Беру сумку и перехожу в мою прежнюю комнату. Открываю чемодан, но, едва прикоснувшись к нему, застываю в неподвижности. Вдруг мне приходит в голову, что Малинский может кое-что мне объяснить. Прохожу мимо столовой и останавливаюсь у его двери. Стучу раз, другой. Бульдог заливается за дверью, но никто на мой стук не откликается. Иду на кухню, чтобы узнать, когда вернется Малинский. В кухне-горничная. Спрашиваю:
- А когда будет дома синьор Малинский?
- Он в больнице.
- Что же такое? - говорю я. - Почему сегодня все ваши понеслись в больницу?
- Он болен, - отвечает девушка. - Как только вы уехали, его забрали в больницу.
- Ах так! Что-нибудь серьезное?
- Сердечный приступ.
- Вот как!
Возвращаюсь к своему чемодану, но попутно у меня возникает еще одна идея. Отыскиваю в записной книжке номер телефона священника де Веса, который когда-то мне дал Кампилли. Звоню.
Его тоже нет дома. Спрашиваю, когда можно его застать. В ответ слышу:
- Его нет в Риме. Будет после каникул.
Я отхожу от телефона и в темной передней сталкиваюсь с горничной. Она пришла посмотреть, уложил ли я уже вещи, а то ей надо сбегать в город.
- Минутку, - говорю я, - минутку. В какой больнице находится пан Малинский?
- При монастыре святого Варфоломея, на острове.
Я догадываюсь, о каком острове идет речь. В Риме есть только один-на Тибре. Там помещается старинная больница, которую содержит монашеский орден бонифратров.
- Сегодня не уеду! - решаю я. - Можно у вас переночевать?
- Хозяева, наверное, согласятся! Не знаю только, может, они кому-нибудь сдали вашу прежнюю комнату. Кажется, нет.
- Значит, согласятся! Во всяком случае, найдется ведь свободная комната?
- Есть комнаты. Есть!
- Тогда, если понадобится, вы, может, перенесете мои вещи, а то я сейчас очень спешу?
Сбегаю по лестнице, беру такси и еду на этот остров.

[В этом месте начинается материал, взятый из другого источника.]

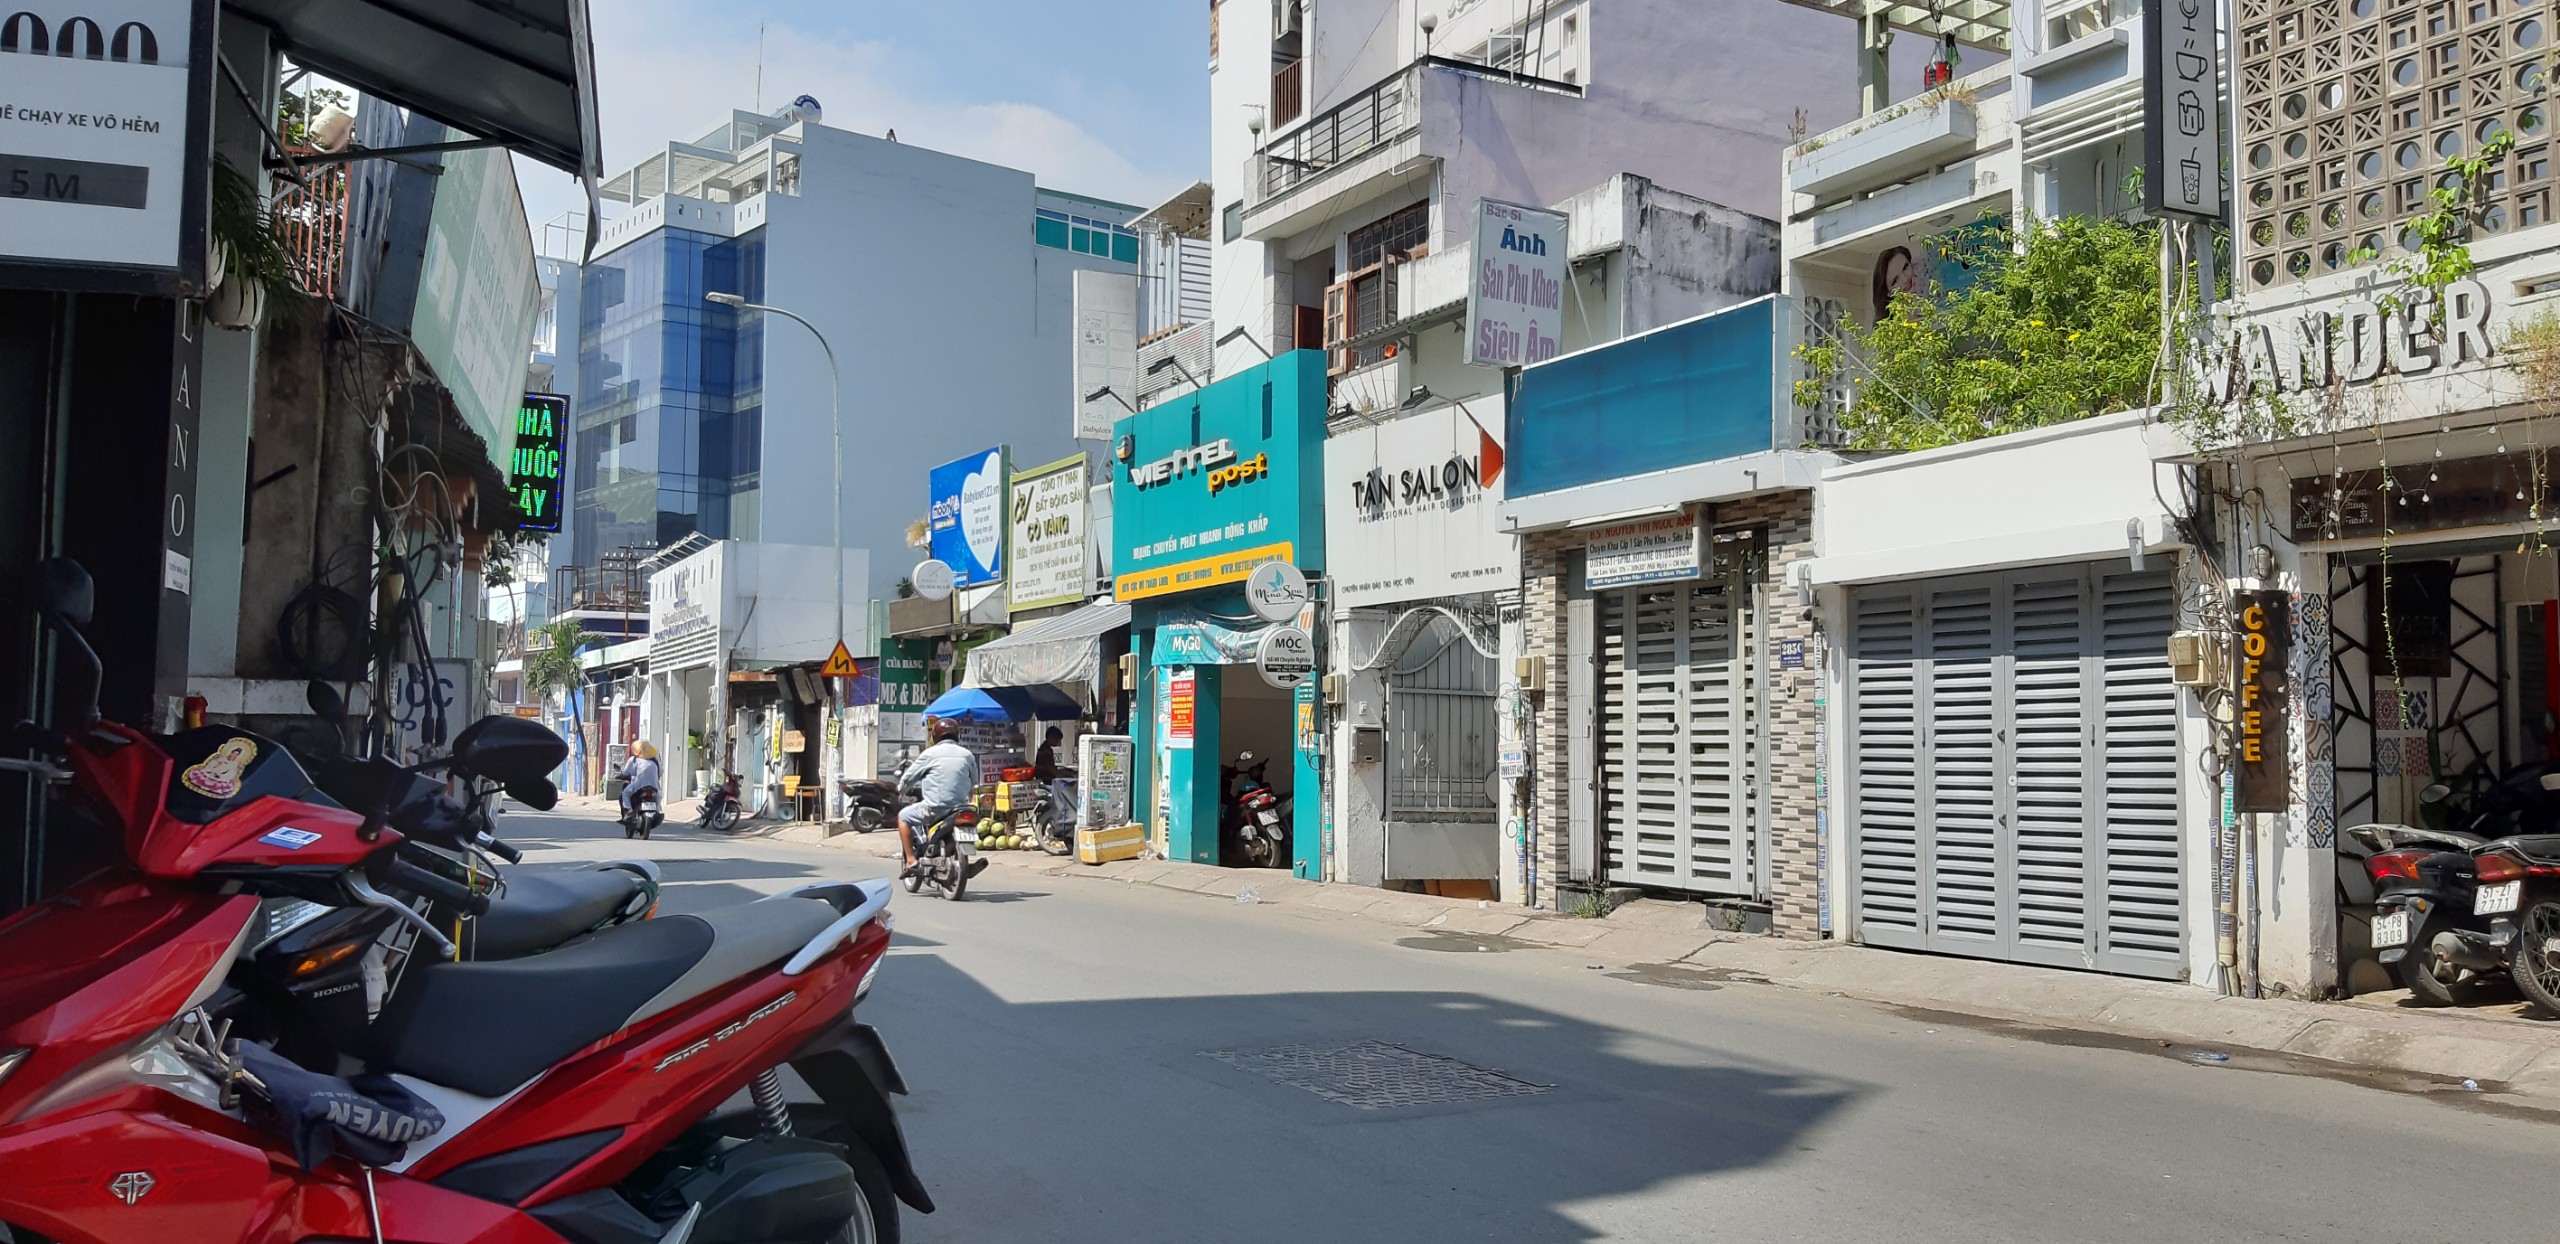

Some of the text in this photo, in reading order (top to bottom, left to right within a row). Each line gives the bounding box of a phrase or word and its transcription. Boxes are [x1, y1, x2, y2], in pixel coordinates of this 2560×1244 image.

Заставляю себя усесться поудобнее, однако поминутно спохватываюсь, что сижу подавшись всем корпусом вперед и напряженно слежу за мостовой, где перед нами то и дело возникают какие-нибудь препятствия. Я вспоминаю во всех подробностях последний этап моего пребывания в Риме, начиная от первой беседы с Малинским, прояснившей положение в самых общих чертах, и вплоть до последней беседы-с кардиналом, когда я уже капитулировал. Логика их была железной, и вывод следовал только один. Я чувствовал его мощь и смысл даже тогда, когда не мог с ним примириться и метался в отчаянии по всему Риму. В Ладзаретто, постепенно набираясь сил и успокаиваясь, я еще отчетливее видел, что, на мое несчастье, обстоятельства, так или иначе связанные с делом моего отца, в Риме могли привести к одному-единственному исходу-именно к тому, к которому привели. Чувствуя это, я хоть по-прежнему с болью думал об отце и возмущался обрушившейся на нас несправедливостью, но как-то привык к своему поражению, и главным образом потому, что за ним стояла логика, чуждая мне, но до сих пор скреплявшая все звенья в моем деле очень по-своему последовательно и точно.
Но, видимо, я был не прав. Это доказывало письмо Кампилли, не оставлявшее никаких сомнений! Да, это доказывало содержание письма, и прежде всего-его тон, звучавший так, словно хлопоты, ожидавшие нас в курии и необходимые для завершения дела, были непосредственно связаны с ранее принятыми мерами, вытекали из предыдущего положения вещей, а их целесообразность не стояла ни в какой связи с неким обозначившимся переломом. Само собой понятно, что адвокат сумел бы найти нужный стиль, если бы возникло нечто действительно новое.